加谷珪一の知っトク経営学 組織編 第1回
【組織論はなぜ大事なのか】
これまでの「知っとく経営学」では経営学の基礎や経営戦略論を中心に解説してきました。ここからは経営学のもう一つの柱である組織論に移ります。
ミクロの組織論とマクロの組織論
企業の成長には戦略という概念が欠かせません。経営学は、労働者の管理という基本的なところからスタートし、組織の問題に視野が広がり、やがて戦略の分野に拡大していきました。
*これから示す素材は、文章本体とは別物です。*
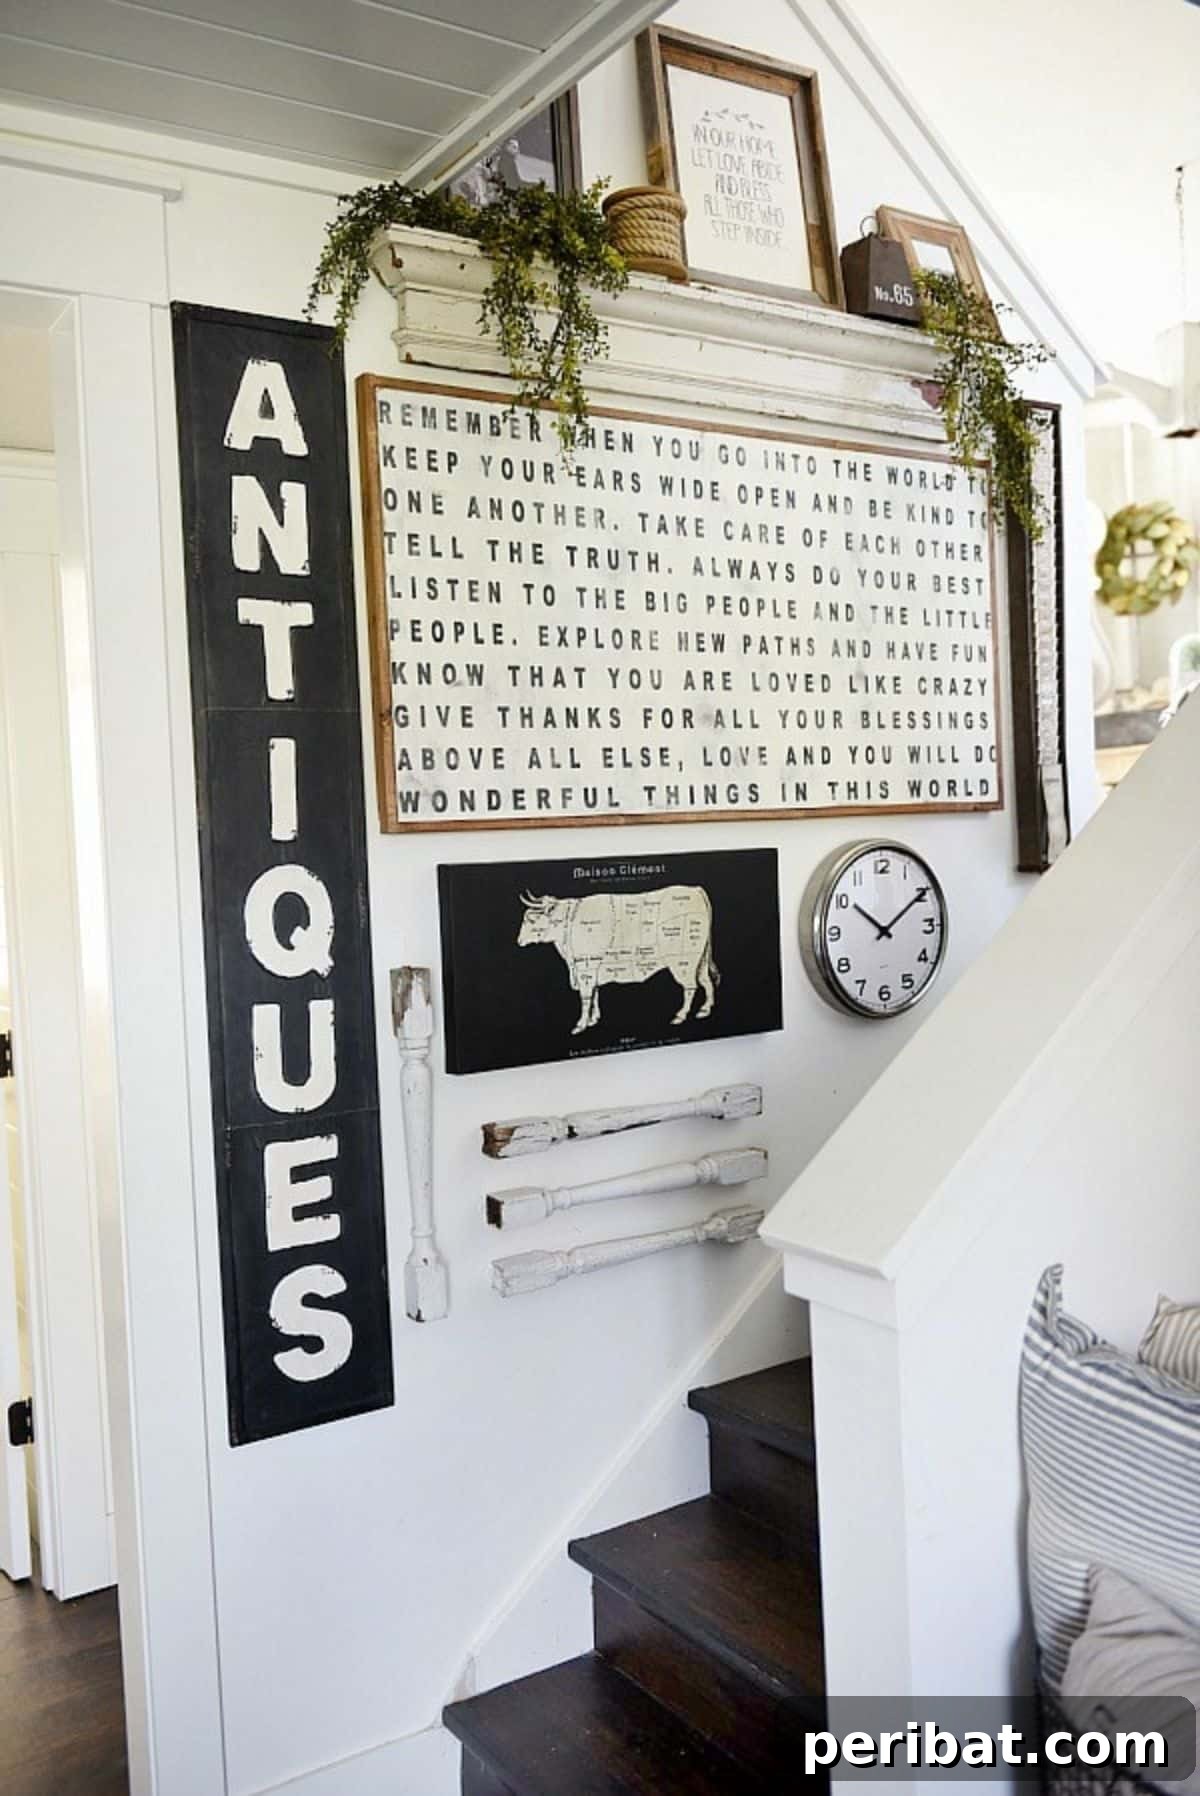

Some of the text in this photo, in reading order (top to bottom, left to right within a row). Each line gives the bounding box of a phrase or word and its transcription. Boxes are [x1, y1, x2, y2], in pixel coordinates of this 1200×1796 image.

[378, 400, 542, 443] REMEMBER
[652, 434, 700, 462] YOU
[717, 443, 747, 467] GO
[763, 449, 818, 476] INTO
[832, 458, 873, 483] THE
[886, 465, 953, 492] WORLD
[382, 444, 458, 475] KEEP
[480, 454, 556, 485] YOUR
[575, 465, 642, 494] EARS
[658, 474, 720, 502] WIDE
[736, 482, 796, 510] OPEN
[812, 492, 852, 516] AND
[868, 498, 892, 520] BE
[905, 503, 954, 527] KIND
[383, 487, 983, 563] ONE ANOTHER. TAKE CARE OF EACH OTHER
[383, 531, 984, 597] TELL THE TRUTH. ALWAYS DO YOUR BEST
[389, 574, 501, 604] LISTEN
[522, 583, 556, 607] TO
[575, 586, 626, 611] THE
[645, 590, 688, 614] BIG
[706, 594, 798, 619] PEOPLE
[813, 600, 856, 623] AND
[870, 604, 909, 627] THE
[389, 618, 988, 664] PEOPLE. EXPLORE NEW PATHS AND HAVE FUN
[391, 661, 987, 698] KNOW THAT YOU ARE LOVED LIKE CRAZY
[395, 704, 990, 730] GIVE THANKS FOR ALL YOUR BLESSINGS
[397, 746, 506, 772] ABOVE
[527, 746, 582, 770] ALL
[601, 745, 685, 772] ELSE,
[702, 745, 768, 767] LOVE
[785, 745, 832, 766] AND
[848, 744, 893, 765] YOU
[907, 743, 960, 764] WILL
[399, 778, 990, 814] WONDERFUL THINGS IN THIS WORLD
[223, 357, 354, 1384] ANTIQUES
[873, 858, 890, 875] 12
[902, 863, 908, 881] 1
[853, 869, 864, 887] 11
[835, 893, 848, 910] 10
[827, 925, 841, 942] 9
[922, 917, 935, 935] 3
[836, 956, 850, 973] 8
[916, 947, 929, 964] 4
[854, 978, 866, 997] 7
[901, 973, 914, 990] 5
[877, 984, 891, 1002] 6
戦略と組織は密接に関係していますから、経営学の分野でも、組織論と戦略論は、共に主要なテーマとなっていま。戦略と組織は常にセットで考えた方がよいでしょう。
組織論には大きく分けて二つの流れがあります。一つは、組織を構成する個人の心理や行動について分析するミクロ的なもの。もうひとつは集団としての組織を分析するマクロ的なものです。
ミクロの組織論とマクロの組織論は、分析する対象や手法が大きく異なります。
ミクロ的な組織論は、個人の欲求がどこからやってくるのか、どのようにすればモチベーションが保てるのかといった内容が中心となりますから、場合によっては心理学や自己啓発の分野に近くなってきます。
一方、マクロ的な組織論は、組織全体がどのような構造になっているのか、どのような意図でデザインされているのかといったテーマを扱います。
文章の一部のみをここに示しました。